Text-to-region grounding data
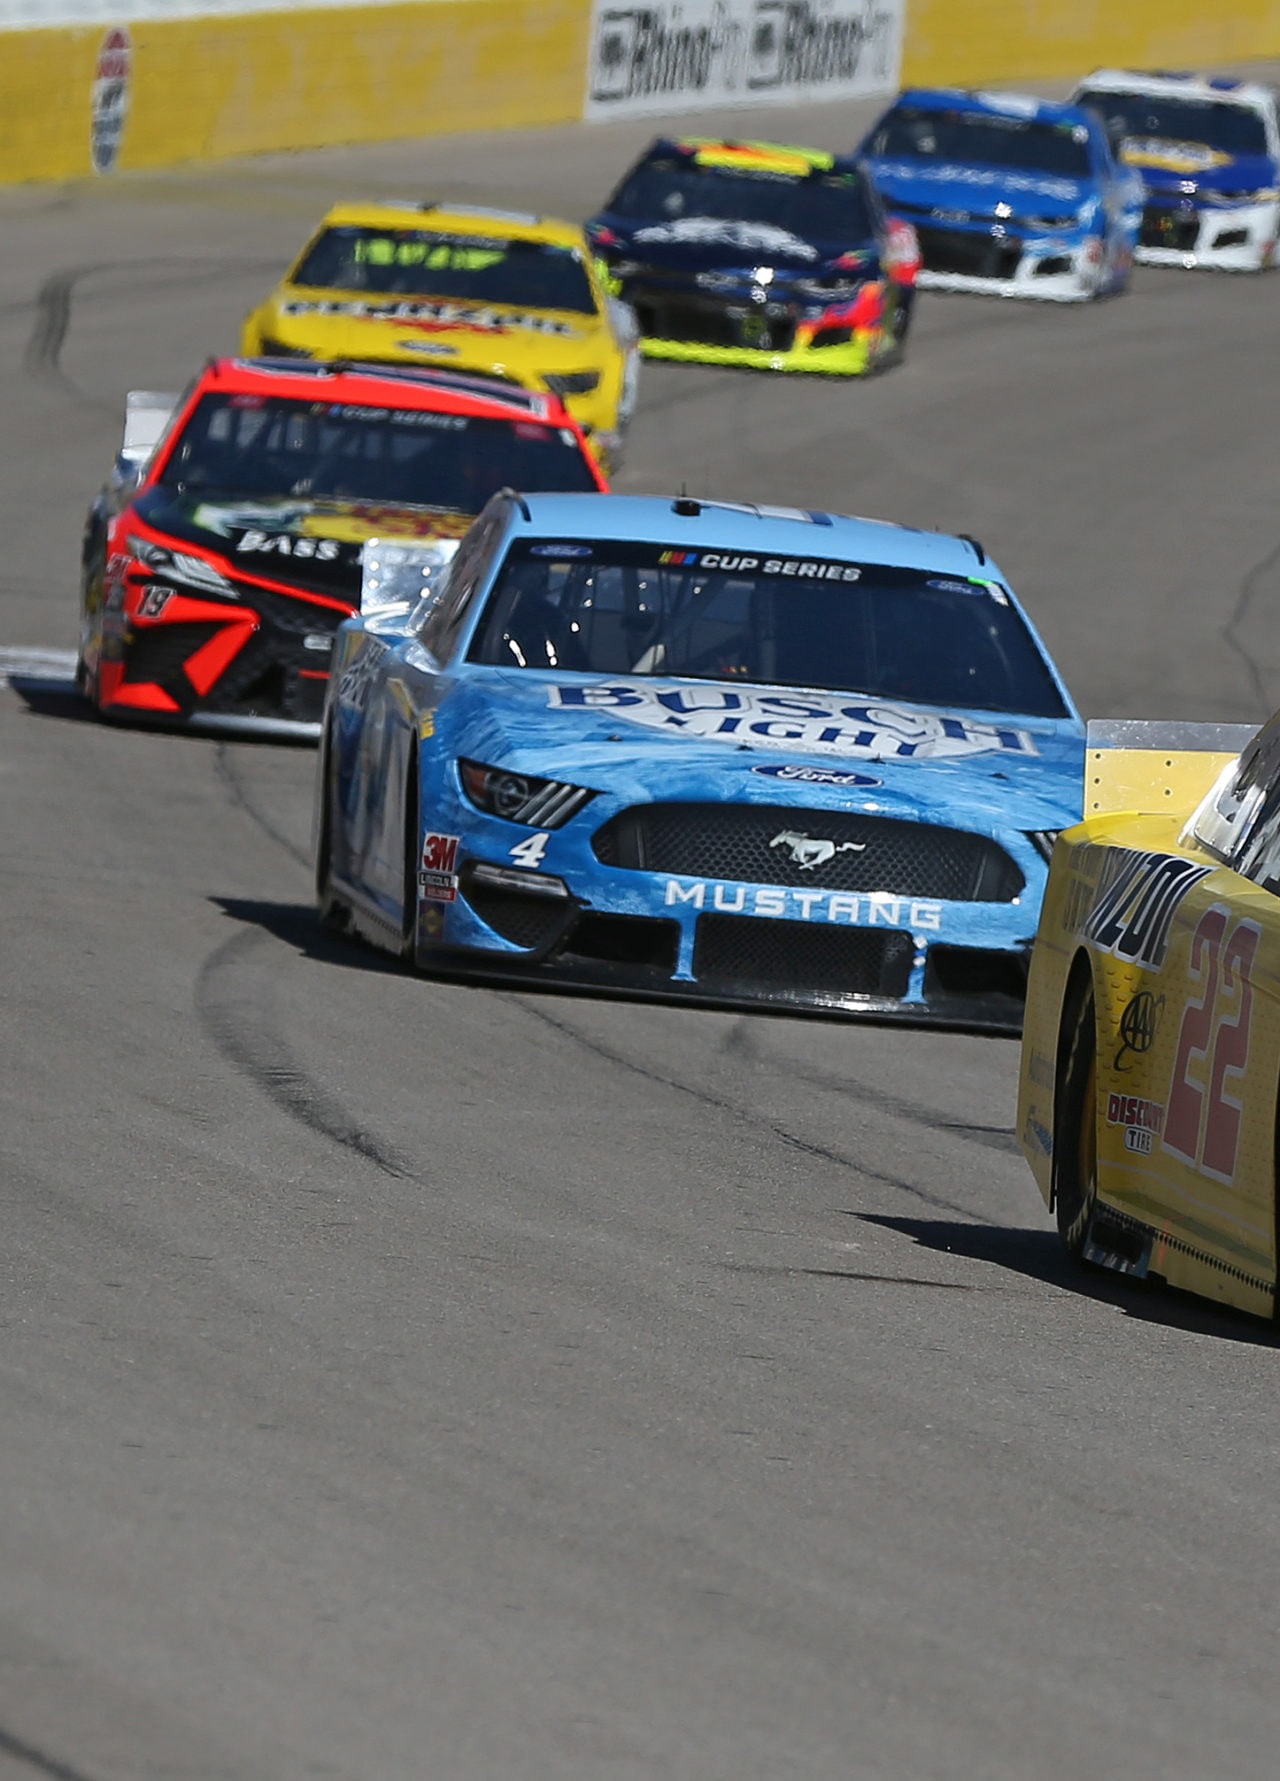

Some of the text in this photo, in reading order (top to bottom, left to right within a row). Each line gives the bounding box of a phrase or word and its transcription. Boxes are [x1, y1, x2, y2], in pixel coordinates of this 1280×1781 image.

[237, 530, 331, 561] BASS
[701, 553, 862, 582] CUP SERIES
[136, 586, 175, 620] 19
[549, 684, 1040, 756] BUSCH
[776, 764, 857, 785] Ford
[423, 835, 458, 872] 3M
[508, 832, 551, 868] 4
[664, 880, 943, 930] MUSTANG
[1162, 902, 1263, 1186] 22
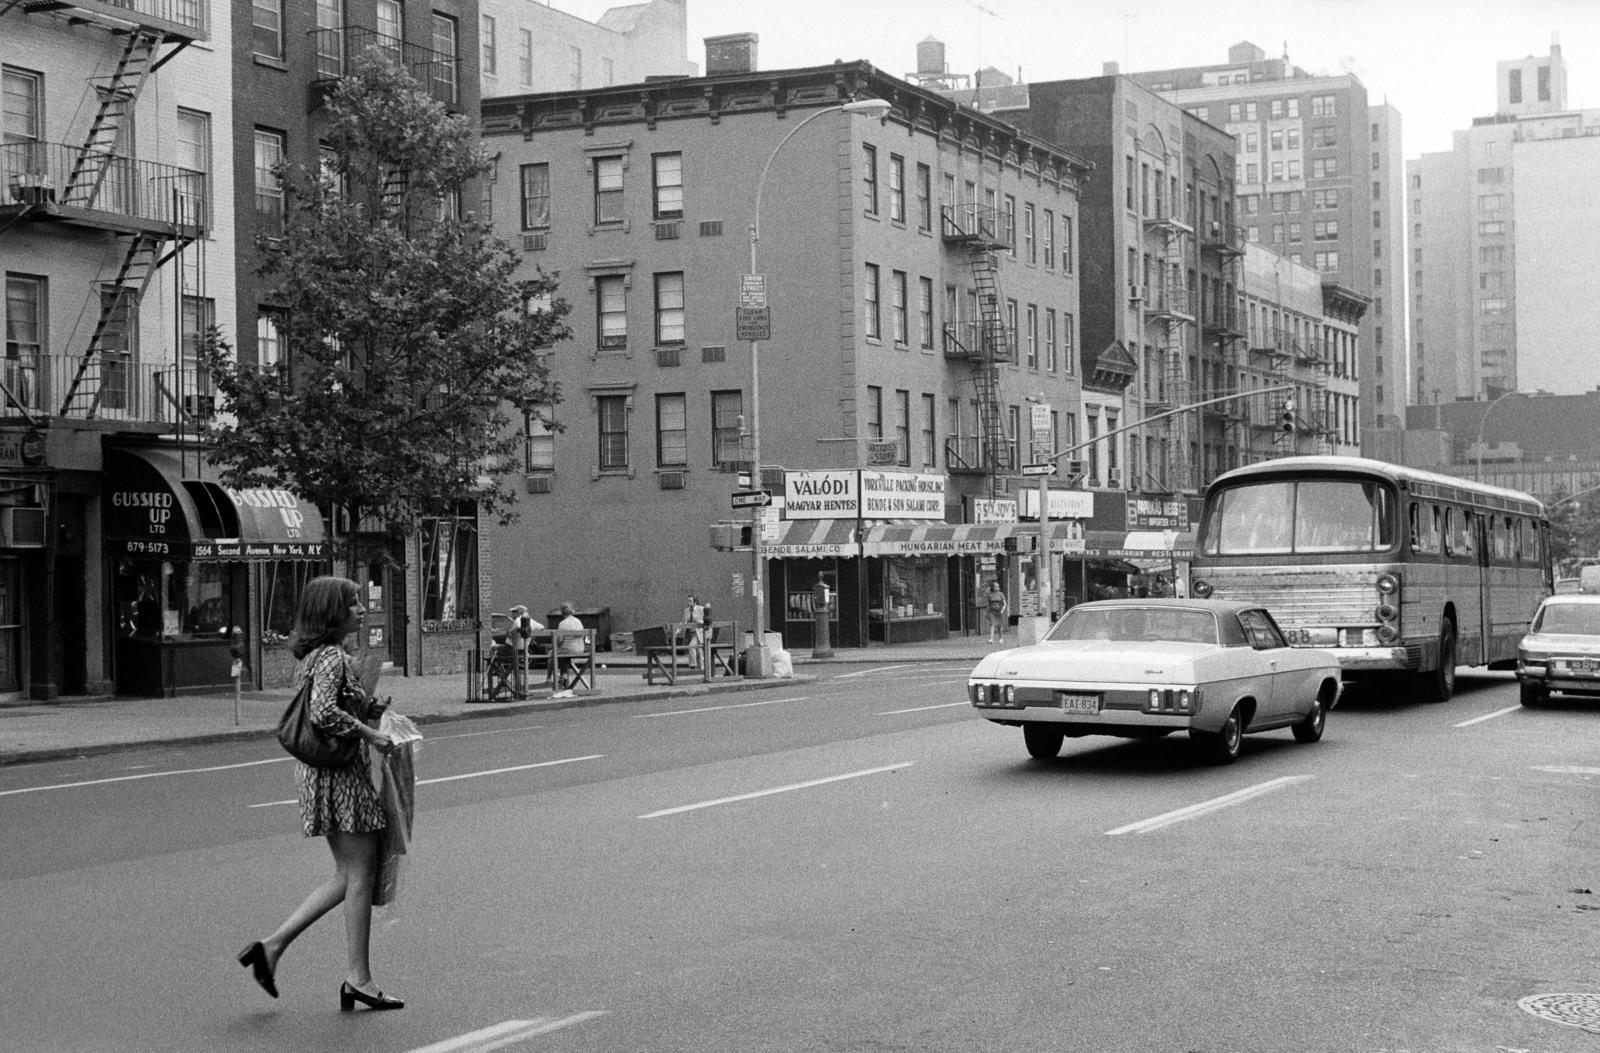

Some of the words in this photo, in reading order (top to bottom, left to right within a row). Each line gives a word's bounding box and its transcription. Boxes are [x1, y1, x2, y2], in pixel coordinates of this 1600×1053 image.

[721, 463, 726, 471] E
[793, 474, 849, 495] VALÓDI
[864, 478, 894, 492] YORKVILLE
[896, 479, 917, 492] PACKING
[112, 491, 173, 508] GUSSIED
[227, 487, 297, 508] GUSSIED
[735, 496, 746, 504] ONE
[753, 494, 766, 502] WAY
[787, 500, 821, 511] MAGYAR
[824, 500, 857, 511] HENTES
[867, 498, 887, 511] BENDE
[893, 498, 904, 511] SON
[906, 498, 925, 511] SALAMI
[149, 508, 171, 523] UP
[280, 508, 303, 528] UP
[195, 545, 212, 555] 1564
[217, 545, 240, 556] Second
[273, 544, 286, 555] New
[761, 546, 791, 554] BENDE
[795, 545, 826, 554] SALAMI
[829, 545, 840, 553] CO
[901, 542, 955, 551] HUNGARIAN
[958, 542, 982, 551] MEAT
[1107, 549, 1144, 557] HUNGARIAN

WHAT TO WORK ON
Each word of the data should be repeated exactly, and the pictures left out.

TASK RESULT
Some of the text in this photo, in reading order (top to bottom, left to right within a row). Each line gives the bounding box of a phrase or word and its transcription. Boxes are [x1, y1, x2, y2], in pixel coordinates of this 1280×1781 image.

[237, 530, 331, 561] BASS
[701, 553, 862, 582] CUP SERIES
[136, 586, 175, 620] 19
[549, 684, 1040, 756] BUSCH
[776, 764, 857, 785] Ford
[423, 835, 458, 872] 3M
[508, 832, 551, 868] 4
[664, 880, 943, 930] MUSTANG
[1162, 902, 1263, 1186] 22

Some of the words in this photo, in reading order (top to bottom, left to right within a row). Each line gives a word's bounding box and its transcription. Boxes are [x1, y1, x2, y2], in pixel coordinates of this 1600×1053 image.

[721, 463, 726, 471] E
[793, 474, 849, 495] VALÓDI
[864, 478, 894, 492] YORKVILLE
[896, 479, 917, 492] PACKING
[112, 491, 173, 508] GUSSIED
[227, 487, 297, 508] GUSSIED
[735, 496, 746, 504] ONE
[753, 494, 766, 502] WAY
[787, 500, 821, 511] MAGYAR
[824, 500, 857, 511] HENTES
[867, 498, 887, 511] BENDE
[893, 498, 904, 511] SON
[906, 498, 925, 511] SALAMI
[149, 508, 171, 523] UP
[280, 508, 303, 528] UP
[195, 545, 212, 555] 1564
[217, 545, 240, 556] Second
[273, 544, 286, 555] New
[761, 546, 791, 554] BENDE
[795, 545, 826, 554] SALAMI
[829, 545, 840, 553] CO
[901, 542, 955, 551] HUNGARIAN
[958, 542, 982, 551] MEAT
[1107, 549, 1144, 557] HUNGARIAN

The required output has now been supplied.